(Collected data entries)
"""

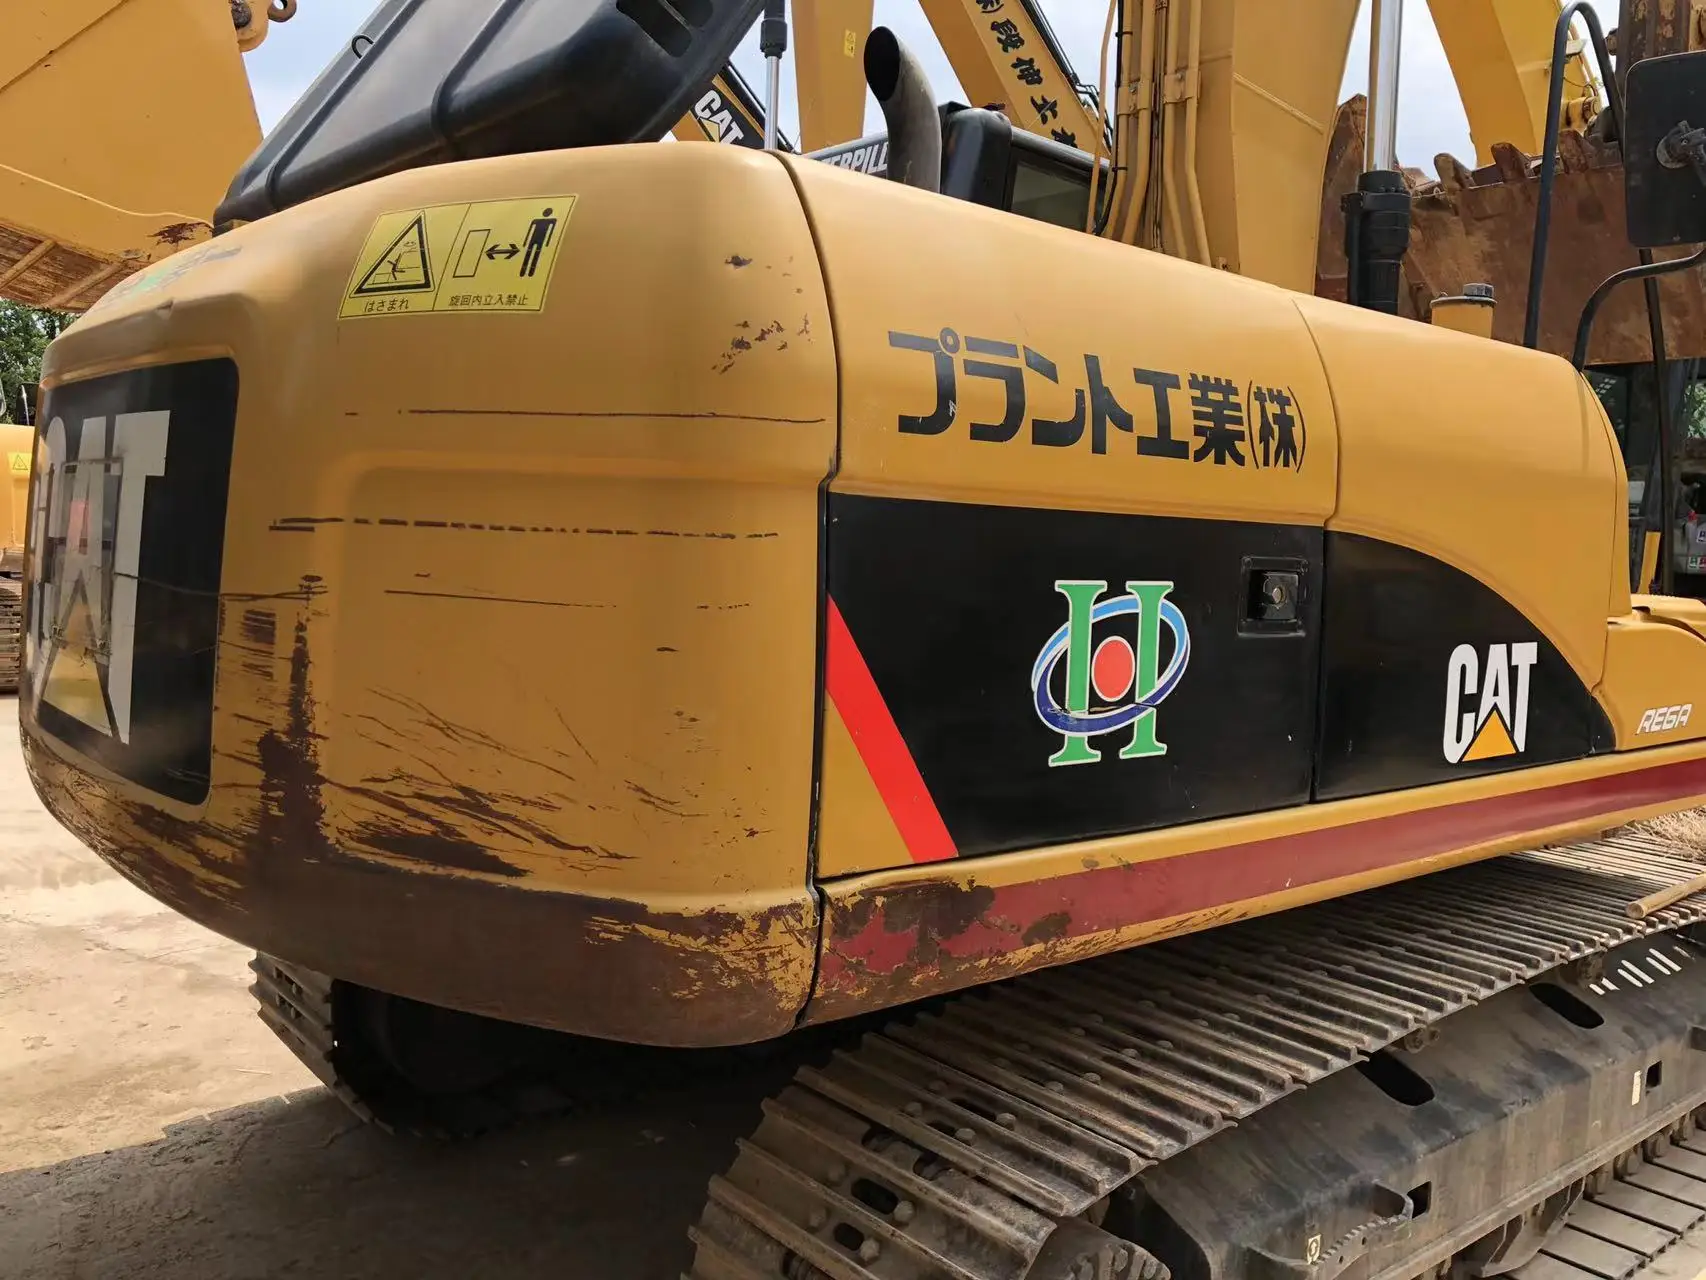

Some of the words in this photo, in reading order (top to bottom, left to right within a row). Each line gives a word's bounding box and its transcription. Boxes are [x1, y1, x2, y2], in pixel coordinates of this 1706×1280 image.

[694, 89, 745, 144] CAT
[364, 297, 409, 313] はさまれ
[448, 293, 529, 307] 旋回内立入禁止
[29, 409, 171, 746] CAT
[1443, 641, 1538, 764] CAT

"""

**Your instructions**
Retype each entry precisely. Skip images entirely.

**Worked solution**
Some of the words in this photo, in reading order (top to bottom, left to right within a row). Each line gives a word's bounding box and its transcription. Boxes are [x1, y1, x2, y2], in pixel coordinates of this 1706×1280 image.

[694, 89, 745, 144] CAT
[364, 297, 409, 313] はさまれ
[448, 293, 529, 307] 旋回内立入禁止
[29, 409, 171, 746] CAT
[1443, 641, 1538, 764] CAT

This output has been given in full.